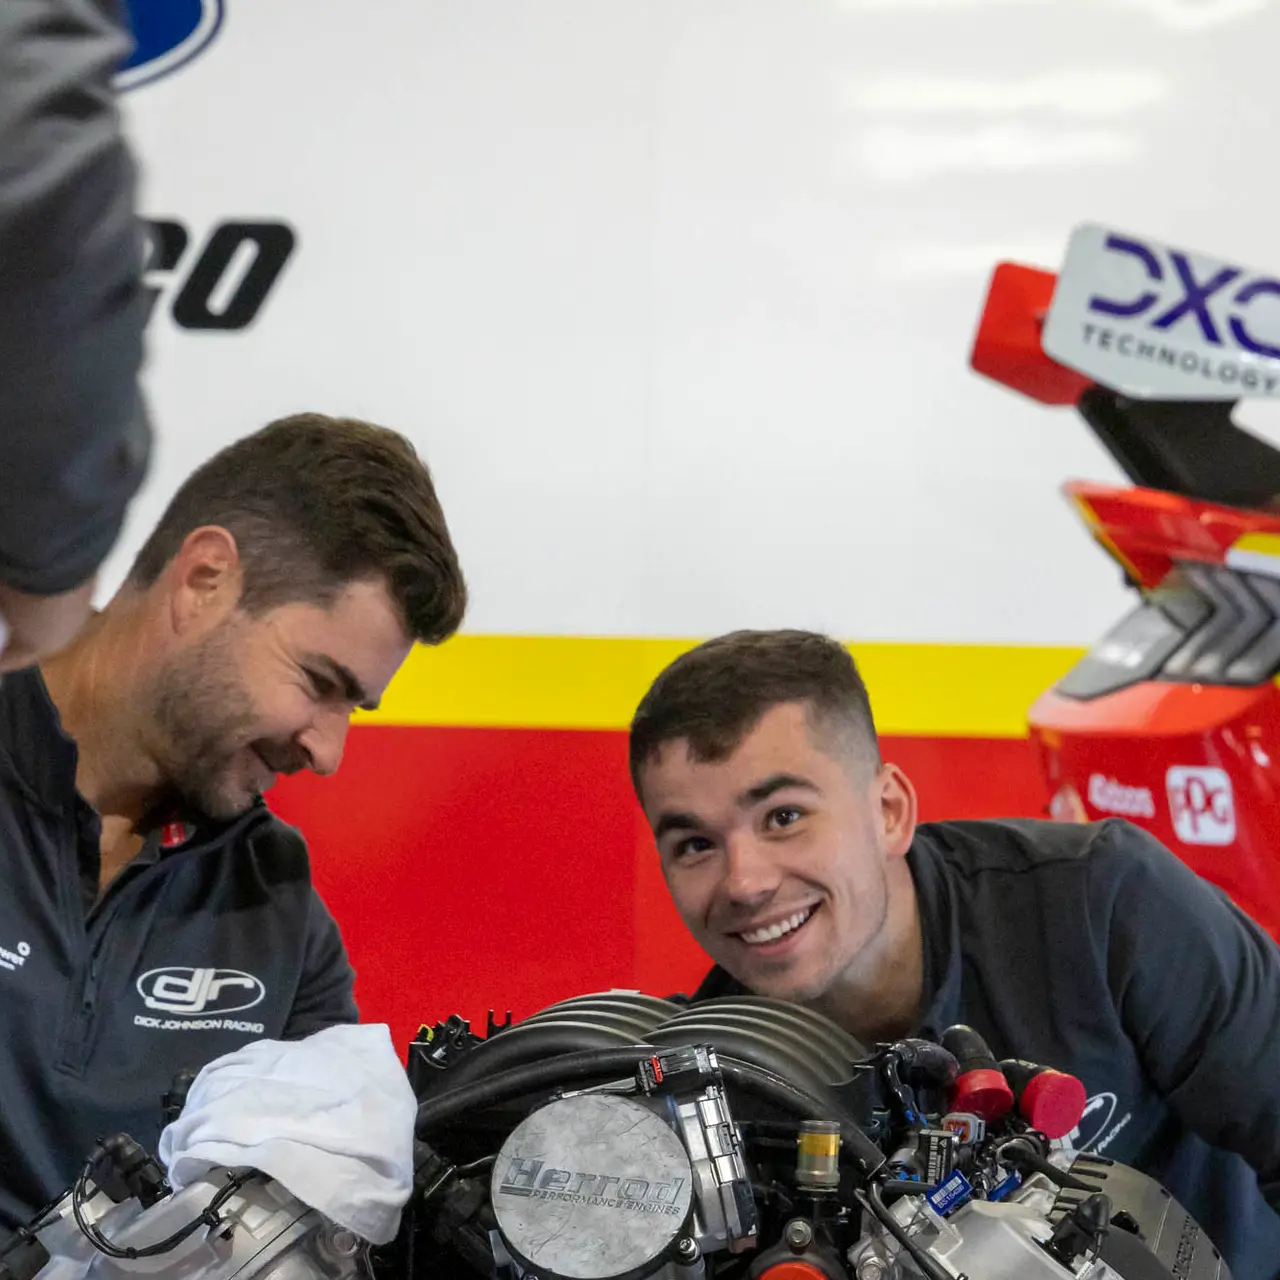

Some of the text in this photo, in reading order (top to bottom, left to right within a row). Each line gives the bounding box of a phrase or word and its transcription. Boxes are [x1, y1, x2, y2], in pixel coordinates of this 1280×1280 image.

[1081, 323, 1280, 396] TECHNOLOGY
[133, 1015, 265, 1034] DICK JOHNSON RACING
[501, 1157, 685, 1205] Herrod
[532, 1188, 681, 1216] PERFORMANCE ENGINES

------------------------------

WHAT YOU SHOULD DO. Type the listing above out again exactly, and omit all pictures.

RESPONSE BELOW.
Some of the text in this photo, in reading order (top to bottom, left to right within a row). Each line gives the bounding box of a phrase or word and its transcription. Boxes are [x1, y1, x2, y2], in pixel coordinates of this 1280×1280 image.

[1081, 323, 1280, 396] TECHNOLOGY
[133, 1015, 265, 1034] DICK JOHNSON RACING
[501, 1157, 685, 1205] Herrod
[532, 1188, 681, 1216] PERFORMANCE ENGINES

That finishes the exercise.